The Pearl Crucible - A Dardana Fenek Mystery - MARDONIOS - (part 3)
Chapter 3, part 3
He gestured at the hall couch the aristoi woman vacated, and I sat, one leg over the other and contrived to look nonchalant. He put his thumbs in his sash and studied me. Barsina was motionless, holding her notebook and the graphite stylus.

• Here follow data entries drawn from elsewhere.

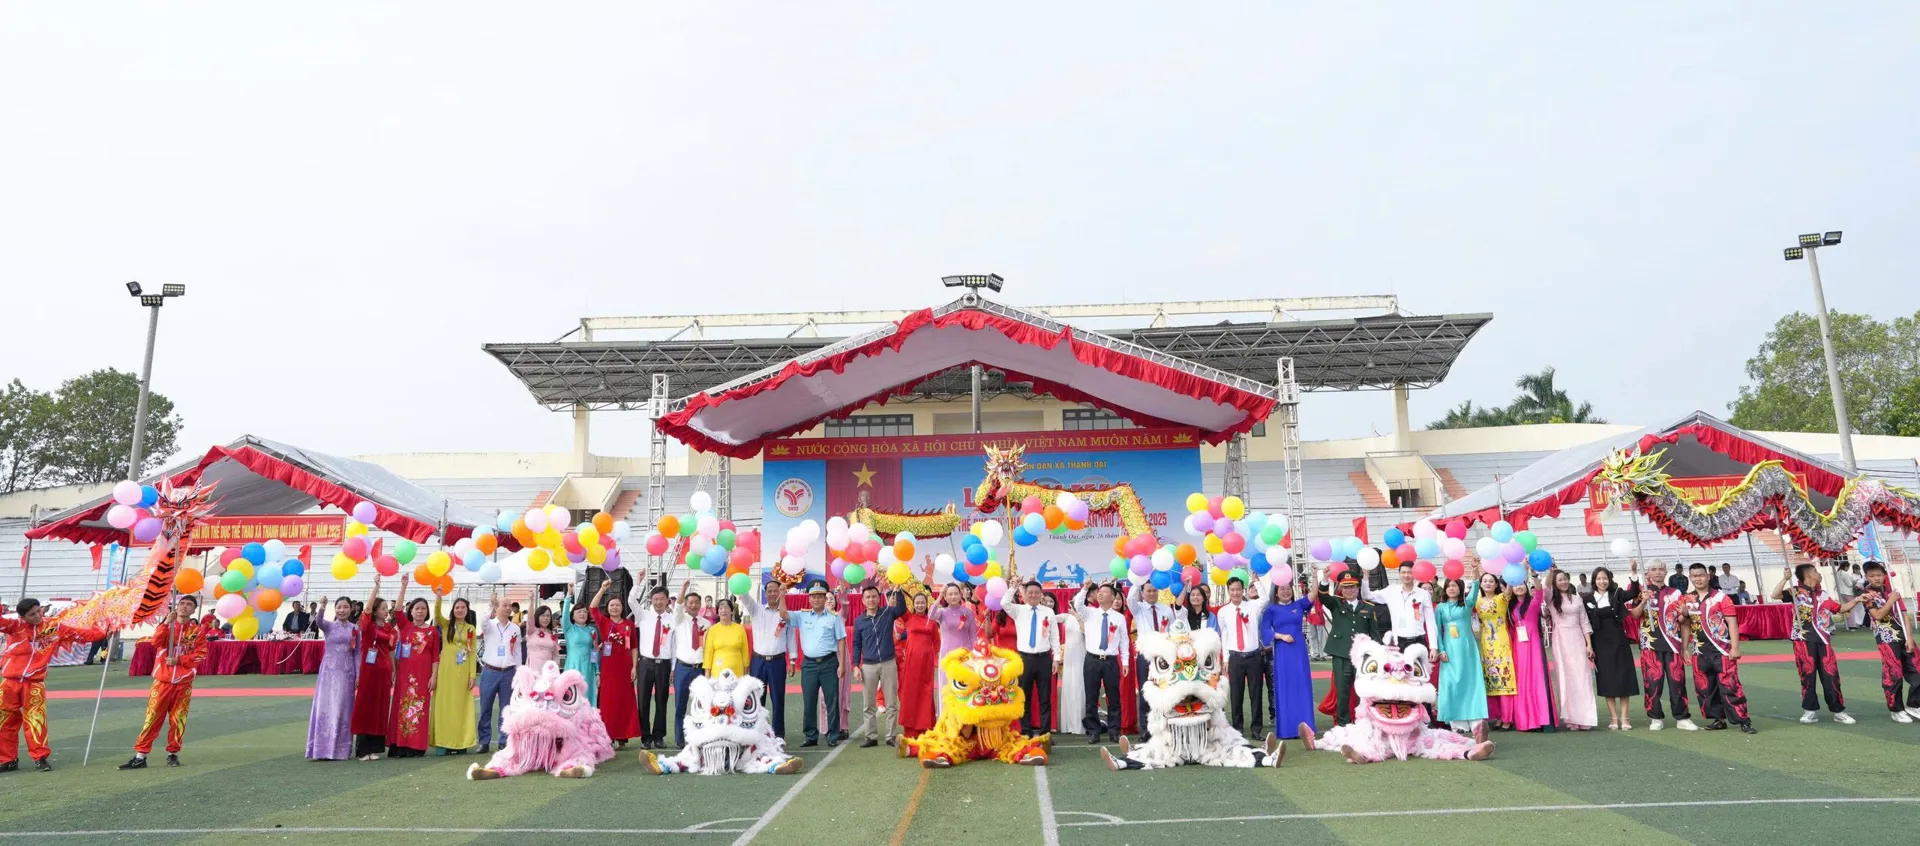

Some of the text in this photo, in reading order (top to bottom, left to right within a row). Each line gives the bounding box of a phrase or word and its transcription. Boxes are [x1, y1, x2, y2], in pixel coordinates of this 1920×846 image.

[797, 442, 830, 455] NƯỚC
[833, 441, 868, 457] CỘNG
[871, 441, 898, 453] HÒA
[902, 440, 920, 452] XÃ
[923, 439, 947, 455] HỘI
[950, 437, 976, 451] CHỦ
[1024, 435, 1055, 450] VIỆT
[1058, 437, 1087, 447] NAM
[1090, 433, 1128, 446] MUÔN
[1132, 433, 1161, 445] NĂM
[1068, 461, 1092, 469] THANH
[1094, 461, 1107, 469] OAI
[1148, 512, 1168, 526] 2025
[263, 524, 279, 539] THANH

I wondered what he saw as he looked at me. I’m not very tall, and I’m not skinny, though, as I’ve said, I’m not a large woman. I’ve been told, now and again, that I’ve nice breasts and a good bum. I don’t have elegant hands; they’ve seen work in their time, and Barsina invests some effort on them with her emery. I walk a lot in my trade, and I’ve already put some kilometers on them in my younger days, but with her efforts, I have good feet and shapely ankles. I’ve brown, even skin and a face that, though it isn’t fresh with youth anymore, is pretty. I’ve heard. It’s a regular face—in every sense of the word. Good teeth, nice mouth, dark brown eyes, dark brown hair, and Barsina braids it every day. I like to keep it on the back of my head, draped with kerchiefs and fillets and ribbons down the back of my neck. My own vanity, I’m afraid, because I got a bit of a burn back there once, in chemistry class. It’s my big, blotchy, white and tan flaw, but there are worse ones, I guess.
I don’t look unusual. I don’t stand out. I don’t dress flash. I avoid most ornaments. I’ll wear a veil if I want or show some skin if I need. I save the city makeup fashions for visits to clubs or parties—strictly on business. It depends.

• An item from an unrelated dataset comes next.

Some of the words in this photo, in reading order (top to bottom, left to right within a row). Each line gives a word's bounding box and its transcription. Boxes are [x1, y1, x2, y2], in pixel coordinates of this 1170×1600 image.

The Fortunato woman, now—she was beautiful.
“Tell me how you got on this case?” Mardonios asked, his arms crossed.
“He approached me. I have a reputation for success.”
“Topĉu said you did. He also said you stuck to small cases.”
“Other private inspectors get most of the big ones.”
“Why’s that, you think?”
“I don’t know if you caught on, Ensign-Captain,” I said, “but I’m a woman.”
“Oh, I’m clear on that,” he smiled.
I got meshed in that smile but looked away. “So I get cases too small or too hopeless, and I work for cheap.”
“How much were you working for?”
“Fifty drachms.”
He whistled. “Beats my monthly salary, Miss Fenek.”
“I charge aristoi more.”
“So this was not a small case.”
“I suppose not.”
“How many aristoi cases do you get?”
I cocked my head at him. “I live in the storage closet behind my fourth-floor office at the back of the Mercanter Narrows. How many do you think I get?”
“Not so many?”
“Some fortnights I don’t work, even for cheap. Some days, we don’t eat.”
“We?” He looked at Barsina again. “So, how’d you get in the house?”
“The door latch into the garden was jammed open—a broken knife tip, maybe.”
“How did you get on the grounds?”
“The drive door to the mews was also jammed open.”
“Alagon!”
“Sir?”
“The latch to the door onto the garden is jammed?”
“Yes, sir.”
“Checked the gate to the mews yet?”
“On my way, sir.”
“And after that, find Mist’ Fortunato’s bedgirls and detain them for questioning.”
“Here, sir?”
“No! At the commissariat. I’ll deal with them tomorrow.”
“Yes, sir.”
The corner of my mouth bent. Those girls were going to have a difficult morning. I hoped their stories were simple and stupid. I didn’t think a casual break-and-enter was involved, but it beat a plot inside the house. That would end ugly.
“Miss Fenek, I’d say that your obligation to your client is over … since he won’t benefit from your work.”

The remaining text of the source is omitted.